--- Dataset excerpts Enclosed Below ---
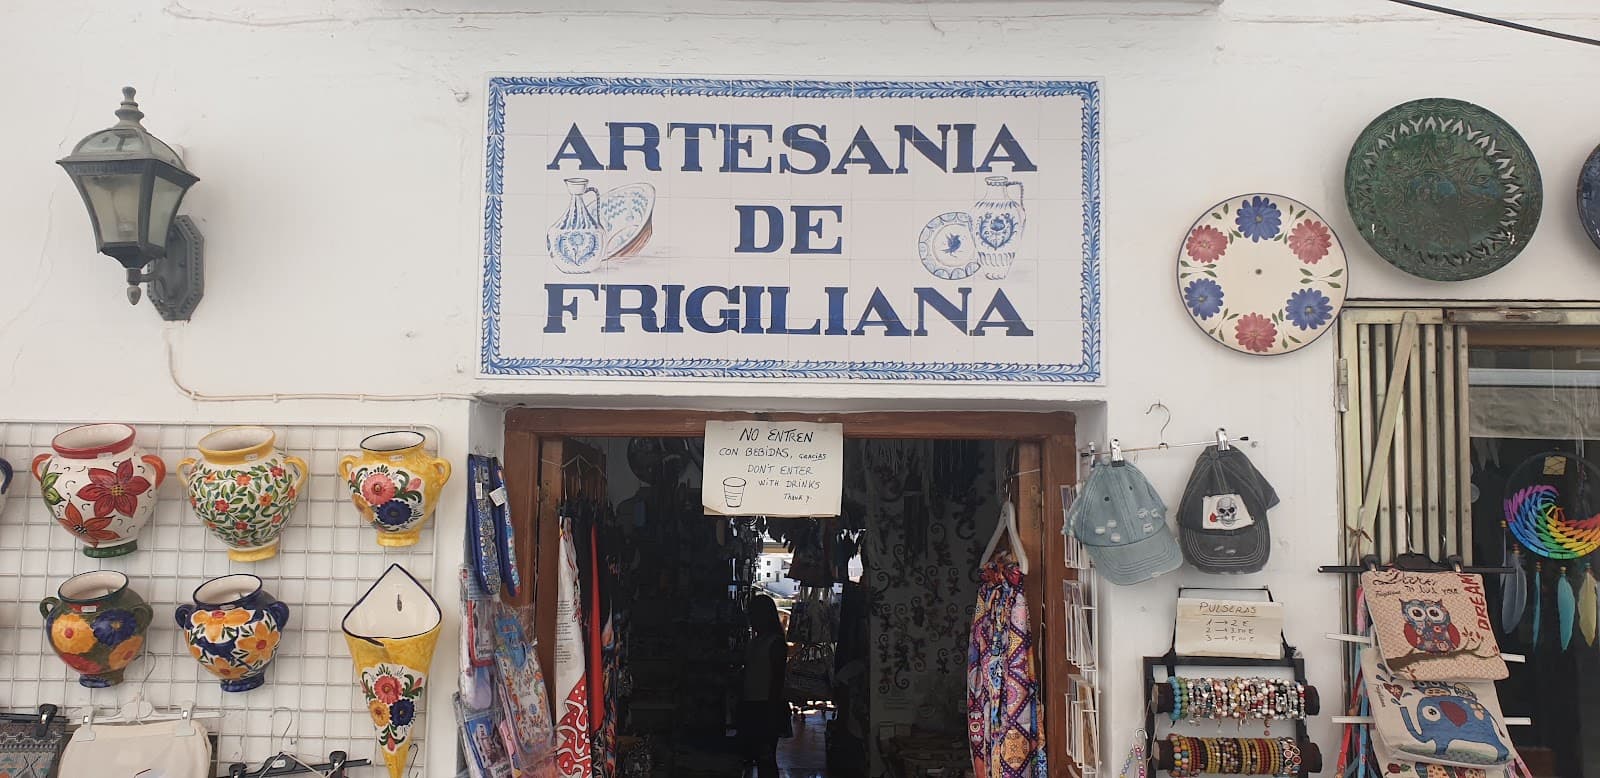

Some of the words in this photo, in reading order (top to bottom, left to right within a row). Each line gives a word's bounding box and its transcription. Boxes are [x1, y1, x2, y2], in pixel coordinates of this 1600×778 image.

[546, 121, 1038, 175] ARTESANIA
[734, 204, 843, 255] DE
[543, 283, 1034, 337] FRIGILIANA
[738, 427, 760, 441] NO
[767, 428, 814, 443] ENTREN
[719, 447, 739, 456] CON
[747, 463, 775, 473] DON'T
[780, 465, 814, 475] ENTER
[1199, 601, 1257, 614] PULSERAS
--- End of Enclosed Dataset excerpts ---
--- Dataset excerpts Enclosed Below ---
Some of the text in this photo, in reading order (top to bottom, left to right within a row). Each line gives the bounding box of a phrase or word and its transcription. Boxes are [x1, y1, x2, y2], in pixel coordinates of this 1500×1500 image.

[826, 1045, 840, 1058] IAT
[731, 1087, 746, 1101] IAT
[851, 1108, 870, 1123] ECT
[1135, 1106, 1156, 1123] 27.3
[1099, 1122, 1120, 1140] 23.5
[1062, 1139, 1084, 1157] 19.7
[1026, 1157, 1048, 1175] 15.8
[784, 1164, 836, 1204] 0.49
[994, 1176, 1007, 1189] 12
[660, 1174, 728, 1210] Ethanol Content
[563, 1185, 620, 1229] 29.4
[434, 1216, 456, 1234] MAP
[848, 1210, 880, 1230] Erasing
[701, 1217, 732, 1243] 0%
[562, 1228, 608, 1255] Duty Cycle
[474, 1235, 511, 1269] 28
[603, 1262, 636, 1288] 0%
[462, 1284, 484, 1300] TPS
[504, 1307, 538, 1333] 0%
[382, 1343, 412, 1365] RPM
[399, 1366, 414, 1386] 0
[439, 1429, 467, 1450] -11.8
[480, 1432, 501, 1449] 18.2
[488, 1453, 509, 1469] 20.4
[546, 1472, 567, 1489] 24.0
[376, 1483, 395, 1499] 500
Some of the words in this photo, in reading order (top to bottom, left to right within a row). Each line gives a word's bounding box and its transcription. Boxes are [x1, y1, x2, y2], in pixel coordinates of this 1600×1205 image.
--- End of Enclosed Dataset excerpts ---
Extract the lines of the preceding material that run from the line with "Some of the text" through the line with "this 1600×1205 image.", inclusive, reproducing them exactly and adding nothing.

• _Answer space_
Some of the text in this photo, in reading order (top to bottom, left to right within a row). Each line gives the bounding box of a phrase or word and its transcription. Boxes are [x1, y1, x2, y2], in pixel coordinates of this 1500×1500 image.

[826, 1045, 840, 1058] IAT
[731, 1087, 746, 1101] IAT
[851, 1108, 870, 1123] ECT
[1135, 1106, 1156, 1123] 27.3
[1099, 1122, 1120, 1140] 23.5
[1062, 1139, 1084, 1157] 19.7
[1026, 1157, 1048, 1175] 15.8
[784, 1164, 836, 1204] 0.49
[994, 1176, 1007, 1189] 12
[660, 1174, 728, 1210] Ethanol Content
[563, 1185, 620, 1229] 29.4
[434, 1216, 456, 1234] MAP
[848, 1210, 880, 1230] Erasing
[701, 1217, 732, 1243] 0%
[562, 1228, 608, 1255] Duty Cycle
[474, 1235, 511, 1269] 28
[603, 1262, 636, 1288] 0%
[462, 1284, 484, 1300] TPS
[504, 1307, 538, 1333] 0%
[382, 1343, 412, 1365] RPM
[399, 1366, 414, 1386] 0
[439, 1429, 467, 1450] -11.8
[480, 1432, 501, 1449] 18.2
[488, 1453, 509, 1469] 20.4
[546, 1472, 567, 1489] 24.0
[376, 1483, 395, 1499] 500
Some of the words in this photo, in reading order (top to bottom, left to right within a row). Each line gives a word's bounding box and its transcription. Boxes are [x1, y1, x2, y2], in pixel coordinates of this 1600×1205 image.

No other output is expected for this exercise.